• **Exercise details**: Exact copies of all the lines below are required, with the pictures omitted.

• **Saved entries**:
----------------------------------------
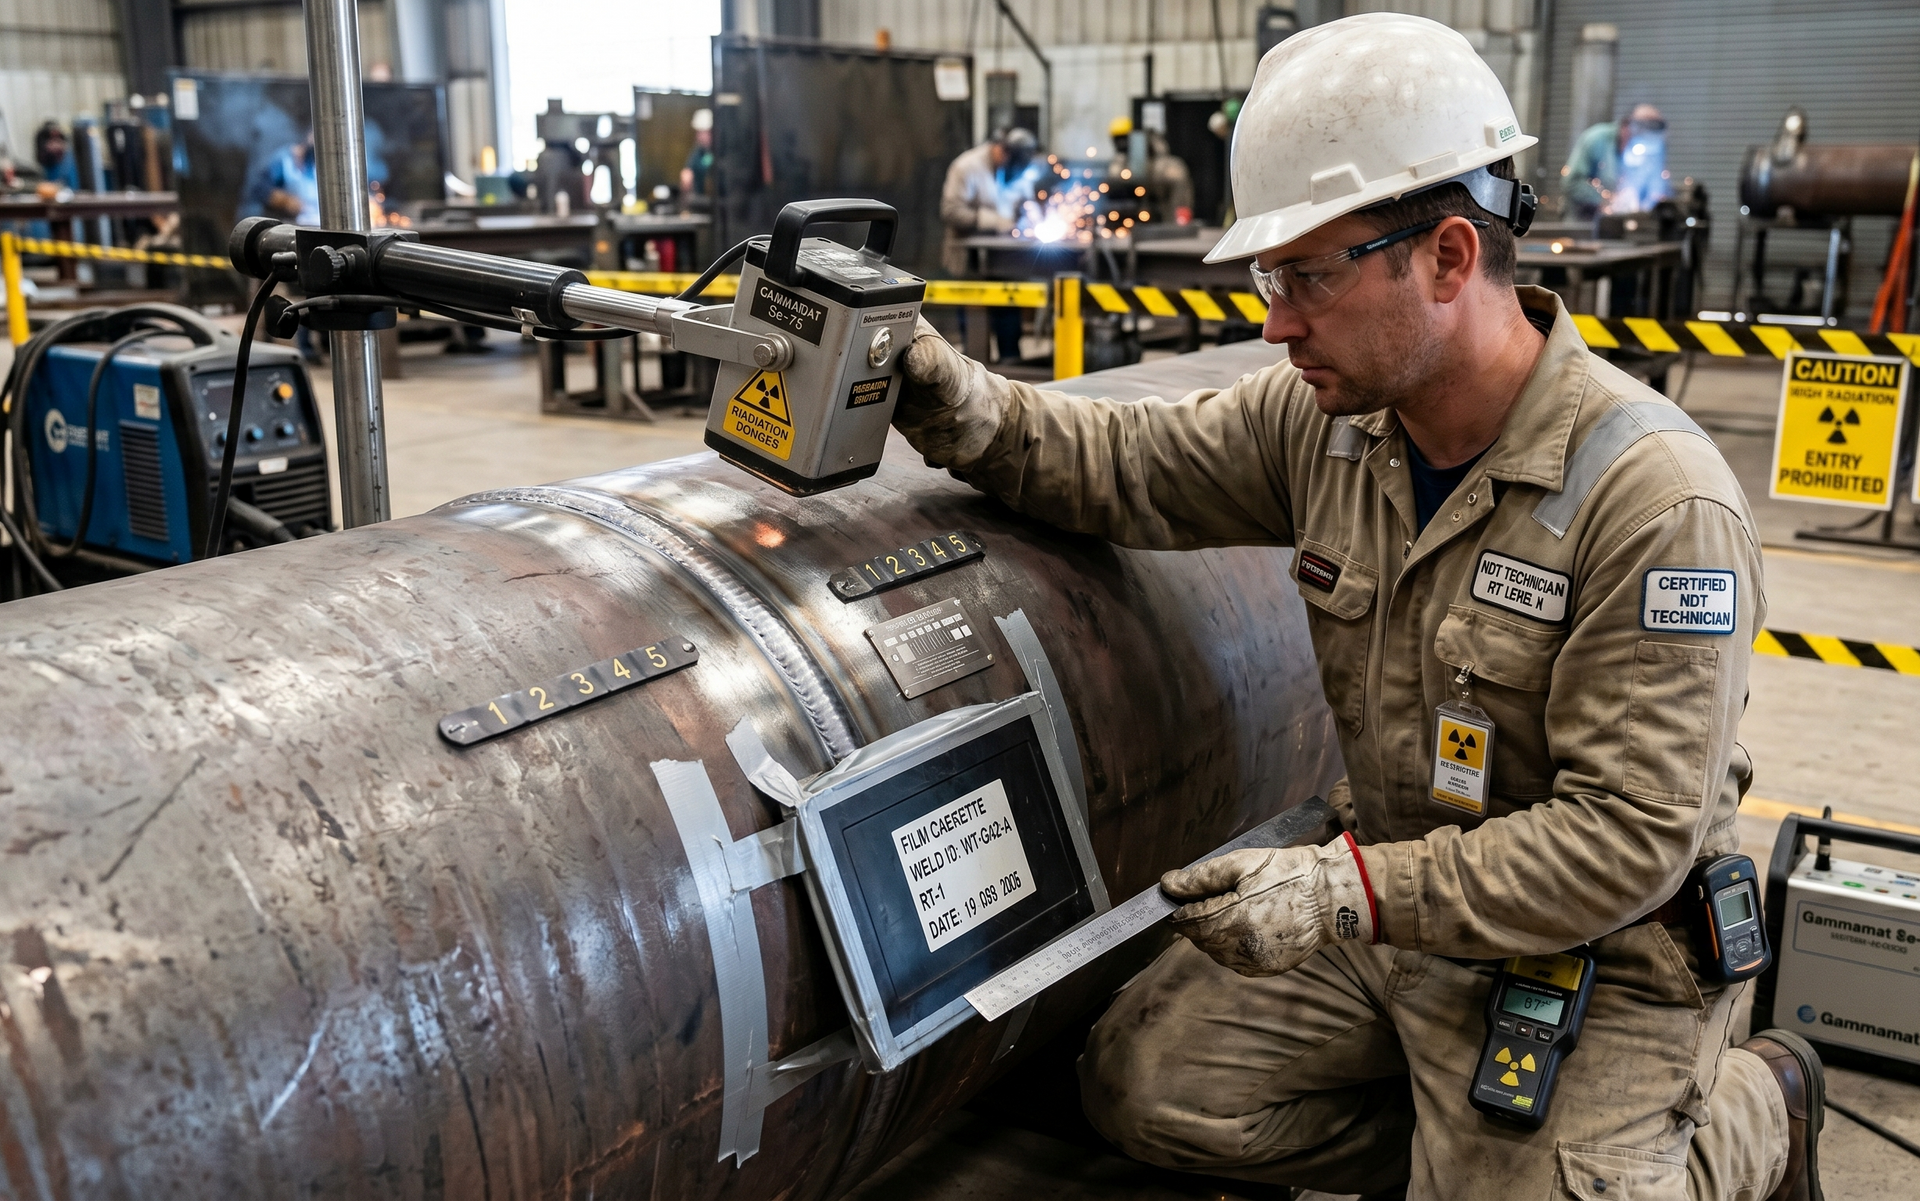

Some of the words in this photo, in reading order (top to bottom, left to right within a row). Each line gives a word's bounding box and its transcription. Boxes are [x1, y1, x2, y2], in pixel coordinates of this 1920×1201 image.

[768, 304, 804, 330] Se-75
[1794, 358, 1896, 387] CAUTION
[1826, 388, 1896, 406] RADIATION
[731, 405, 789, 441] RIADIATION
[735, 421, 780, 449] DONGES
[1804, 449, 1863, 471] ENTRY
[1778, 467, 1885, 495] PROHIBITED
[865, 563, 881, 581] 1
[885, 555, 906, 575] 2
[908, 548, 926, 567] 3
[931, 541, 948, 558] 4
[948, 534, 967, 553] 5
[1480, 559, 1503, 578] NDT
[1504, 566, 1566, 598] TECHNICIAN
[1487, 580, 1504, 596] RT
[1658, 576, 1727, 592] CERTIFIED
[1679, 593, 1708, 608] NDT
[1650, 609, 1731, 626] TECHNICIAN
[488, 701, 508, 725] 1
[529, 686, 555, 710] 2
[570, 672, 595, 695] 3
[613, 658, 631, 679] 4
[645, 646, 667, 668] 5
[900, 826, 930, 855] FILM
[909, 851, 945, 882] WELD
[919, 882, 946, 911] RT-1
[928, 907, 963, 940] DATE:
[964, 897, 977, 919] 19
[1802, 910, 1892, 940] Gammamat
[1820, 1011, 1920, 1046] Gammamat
----------------------------------------
• **Solution for this problem**:
Some of the words in this photo, in reading order (top to bottom, left to right within a row). Each line gives a word's bounding box and its transcription. Boxes are [x1, y1, x2, y2], in pixel coordinates of this 1920×1201 image.

[768, 304, 804, 330] Se-75
[1794, 358, 1896, 387] CAUTION
[1826, 388, 1896, 406] RADIATION
[731, 405, 789, 441] RIADIATION
[735, 421, 780, 449] DONGES
[1804, 449, 1863, 471] ENTRY
[1778, 467, 1885, 495] PROHIBITED
[865, 563, 881, 581] 1
[885, 555, 906, 575] 2
[908, 548, 926, 567] 3
[931, 541, 948, 558] 4
[948, 534, 967, 553] 5
[1480, 559, 1503, 578] NDT
[1504, 566, 1566, 598] TECHNICIAN
[1487, 580, 1504, 596] RT
[1658, 576, 1727, 592] CERTIFIED
[1679, 593, 1708, 608] NDT
[1650, 609, 1731, 626] TECHNICIAN
[488, 701, 508, 725] 1
[529, 686, 555, 710] 2
[570, 672, 595, 695] 3
[613, 658, 631, 679] 4
[645, 646, 667, 668] 5
[900, 826, 930, 855] FILM
[909, 851, 945, 882] WELD
[919, 882, 946, 911] RT-1
[928, 907, 963, 940] DATE:
[964, 897, 977, 919] 19
[1802, 910, 1892, 940] Gammamat
[1820, 1011, 1920, 1046] Gammamat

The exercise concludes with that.